What My Compulsion to Write Actually Means

March 29, 2016

BY ALYSSA OURSLER

The moments in my life that I classify as "Important with a capital I" always seem to be accompanied by a book--which perhaps should have been my first clue.

My first boyfriend was Jordan, significant for his first-ness, and I remember he only read nonfiction and, at the time, I only read fiction. That may seem insignificant but I also never cared what we did when we spent time together--classic pitiful I only wanna be with you.
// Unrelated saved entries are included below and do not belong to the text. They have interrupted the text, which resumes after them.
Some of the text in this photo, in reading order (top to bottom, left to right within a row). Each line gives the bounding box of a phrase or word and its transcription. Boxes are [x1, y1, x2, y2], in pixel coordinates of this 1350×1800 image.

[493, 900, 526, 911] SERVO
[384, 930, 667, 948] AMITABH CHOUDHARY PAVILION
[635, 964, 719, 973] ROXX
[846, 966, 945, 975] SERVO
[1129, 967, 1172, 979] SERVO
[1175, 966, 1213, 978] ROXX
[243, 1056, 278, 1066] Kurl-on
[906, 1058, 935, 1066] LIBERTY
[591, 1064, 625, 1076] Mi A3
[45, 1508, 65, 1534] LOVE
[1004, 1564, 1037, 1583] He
Which I guess reflected a lack of something in me, which he cited when he dumped me (via text message, if you’re curious, him also telling me I didn’t have feelings, me wishing he was right).
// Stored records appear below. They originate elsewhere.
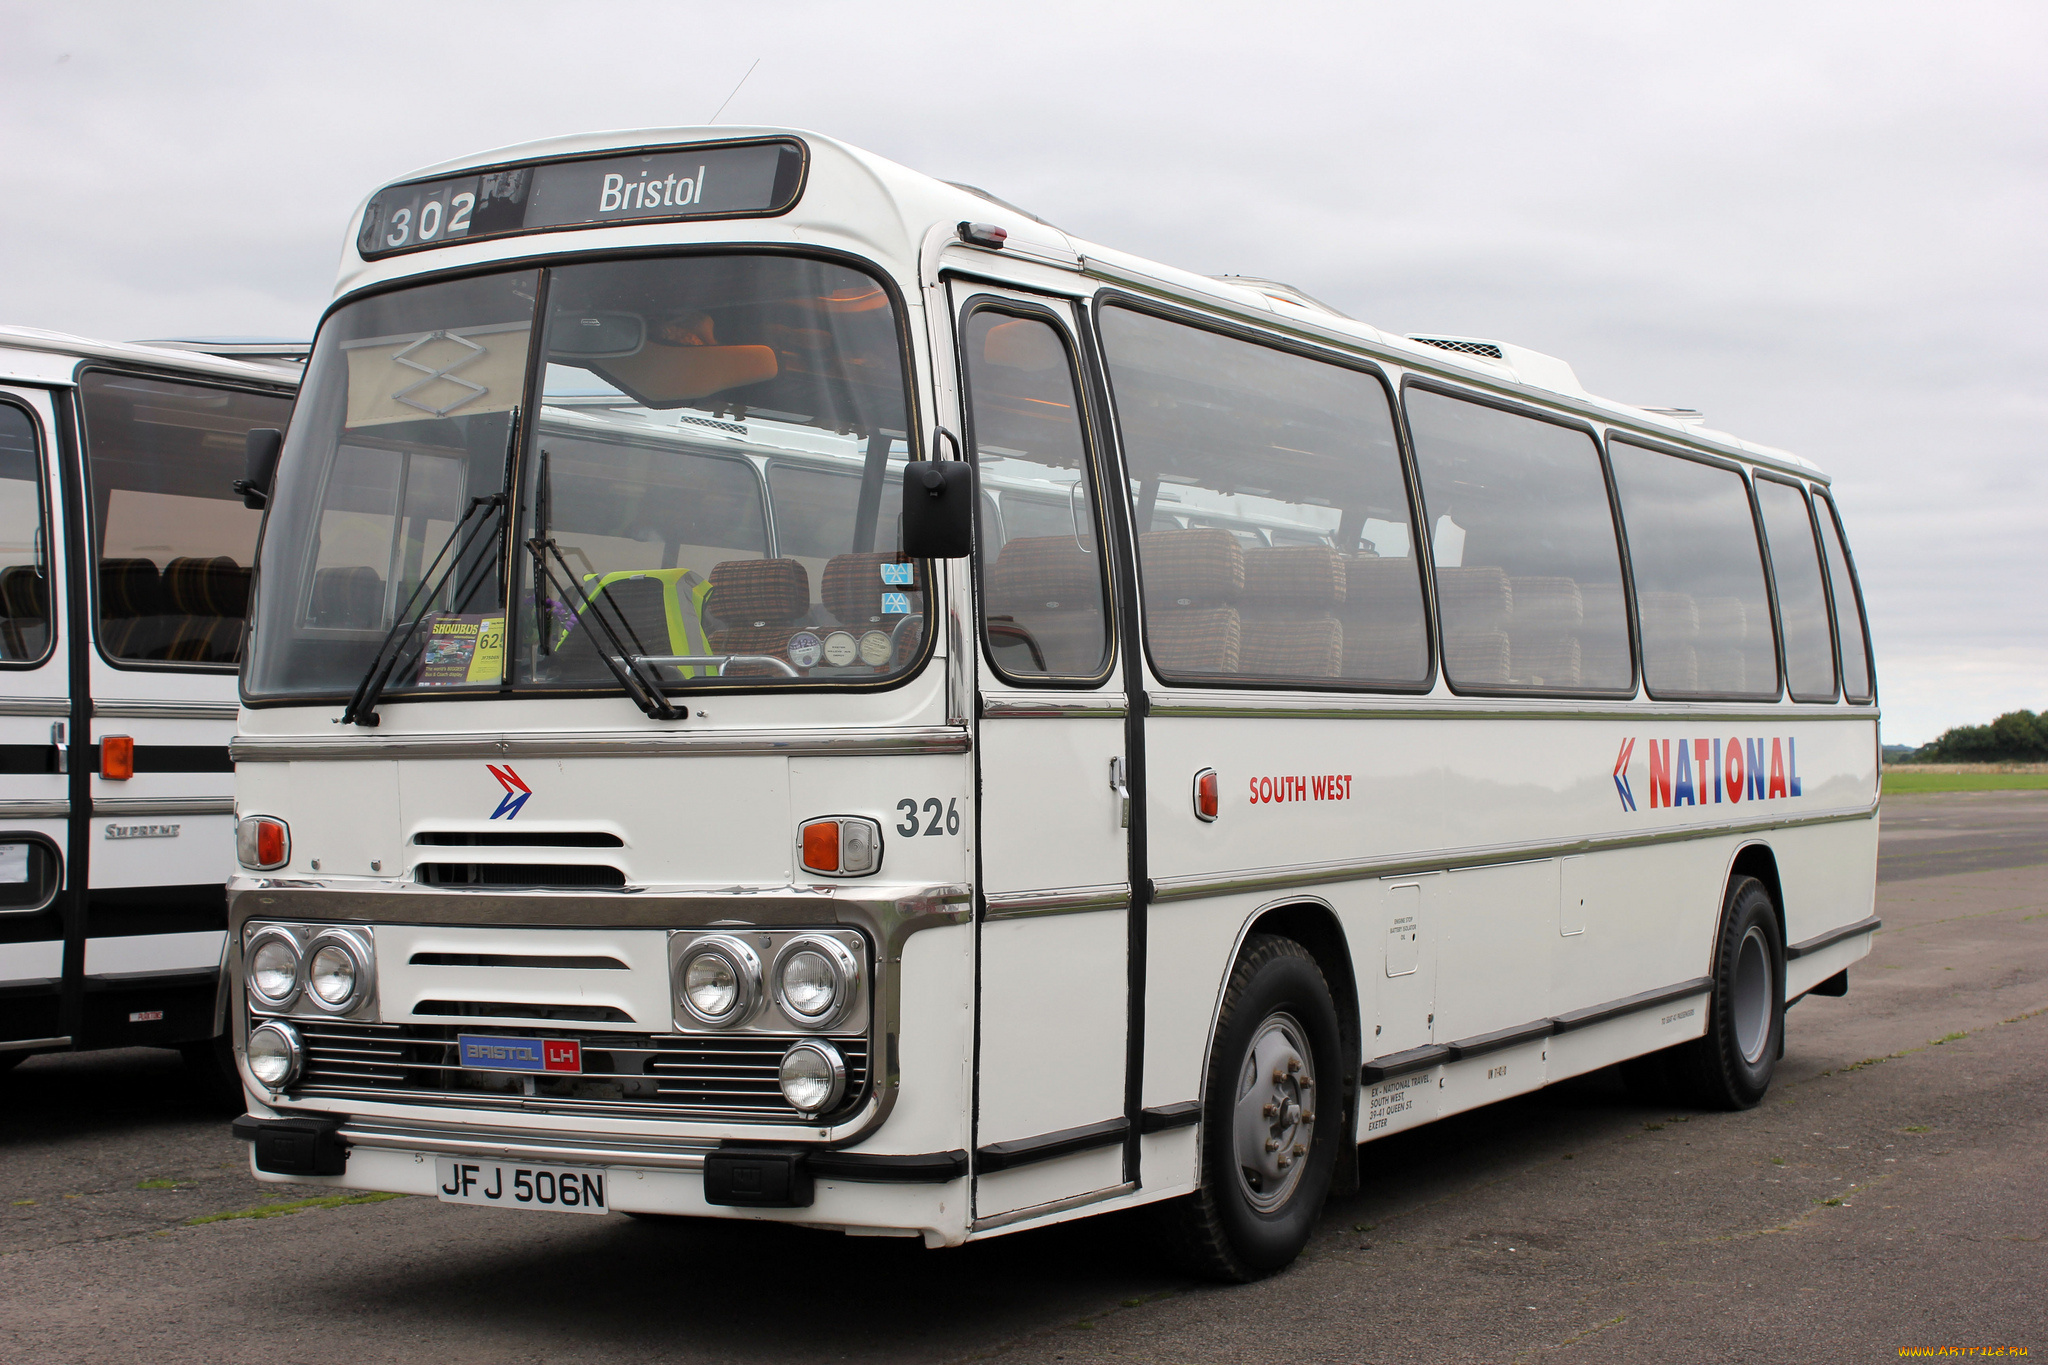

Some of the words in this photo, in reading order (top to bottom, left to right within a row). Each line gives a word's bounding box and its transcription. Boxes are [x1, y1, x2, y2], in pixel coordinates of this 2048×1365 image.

[599, 165, 706, 213] Bristol
[386, 192, 476, 247] 302
[432, 623, 479, 635] SHOWBUS
[1650, 737, 1802, 809] NATIONAL
[1250, 777, 1307, 804] SOUTH
[1311, 775, 1353, 802] WEST
[896, 797, 960, 838] 326
[466, 1044, 539, 1062] BRISTOL
[549, 1048, 574, 1063] LH
[1371, 1088, 1379, 1097] EX
[1383, 1079, 1411, 1094] NATIONAL
[1369, 1108, 1385, 1120] 39-41
[1386, 1102, 1406, 1115] QUEEN
[1370, 1095, 1390, 1109] SOUTH
[1368, 1118, 1388, 1131] EXETER
[442, 1163, 502, 1200] JFJ
[514, 1169, 605, 1208] 506N
The whole thing just seems to me a symbol of the fact that I didn’t know who I was yet, or even who I wanted to be.

Look up that passage you wrote about airplanes, I write on an airplane, in the margins of an essay about dogs. There always seems to be an airplane too: a trip to Italy, I read Slouching Towards Bethlehem. Then, on a trip to Texas, The Brief Wondrous Life of Oscar Wao.
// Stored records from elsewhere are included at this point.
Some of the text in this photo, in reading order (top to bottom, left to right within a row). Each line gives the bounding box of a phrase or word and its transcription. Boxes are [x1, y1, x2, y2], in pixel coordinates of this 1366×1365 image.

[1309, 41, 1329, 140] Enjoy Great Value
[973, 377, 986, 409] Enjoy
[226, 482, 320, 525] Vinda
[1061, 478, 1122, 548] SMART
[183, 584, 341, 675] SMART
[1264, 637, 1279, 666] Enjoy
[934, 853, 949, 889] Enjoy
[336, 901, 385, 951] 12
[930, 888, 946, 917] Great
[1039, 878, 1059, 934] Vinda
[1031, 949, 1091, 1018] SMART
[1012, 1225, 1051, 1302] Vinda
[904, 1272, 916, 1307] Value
I re-read this, yet again, after being on an airplane and reading a different essay about airplanes during a trip back east, like This Is Running for Your Life.

I think it really is a question of essence, I write again and again and again. I get high and walk along the beach and spend the whole time wondering if my thoughts then are any different than my thoughts sober.

I think the question is the answer.

Making my way home from Texas, I am sitting in the backseat of a car driven by an old man. Classical music plays as I try to read then, due to darkness, resort to writing on my phone instead.

I take in the dichotomy of string instruments and Siri's directions. I tap and type: The sharing economy is an odd one. I imagine the old man imagining me incessantly texting or tweeting or Tindering in the backseat as I write: Was that a business comment or a personal one?

Does it matter? I ask again and again and again.

I recently began to write in what’s technically labeled Sharpie, Permanent Marker, Ultra Fine Point, and actually wrote those words in that medium before writing about the process. I accept the marker’s slight bleed in the books I devour and find myself almost praying for pages of aligned poignant passages. I go to underline something and see it’s already been done by a past obsession’s shadow: Things aligning, falling into place, choose your cliche.

On the page I read before writing this, though, the author (David Foster Wallace, if you must know) had an abnormally long footnote in a smaller print and different alignment. So, the shadow became a passive aggressive strikethrough, and I shrugged off the symbolism almost as soon as it crossed my mind but wrote in Sharpie, Permanent Marker, Ultra Fine Point anyway: Things don’t always work out as you planned. Curve balls.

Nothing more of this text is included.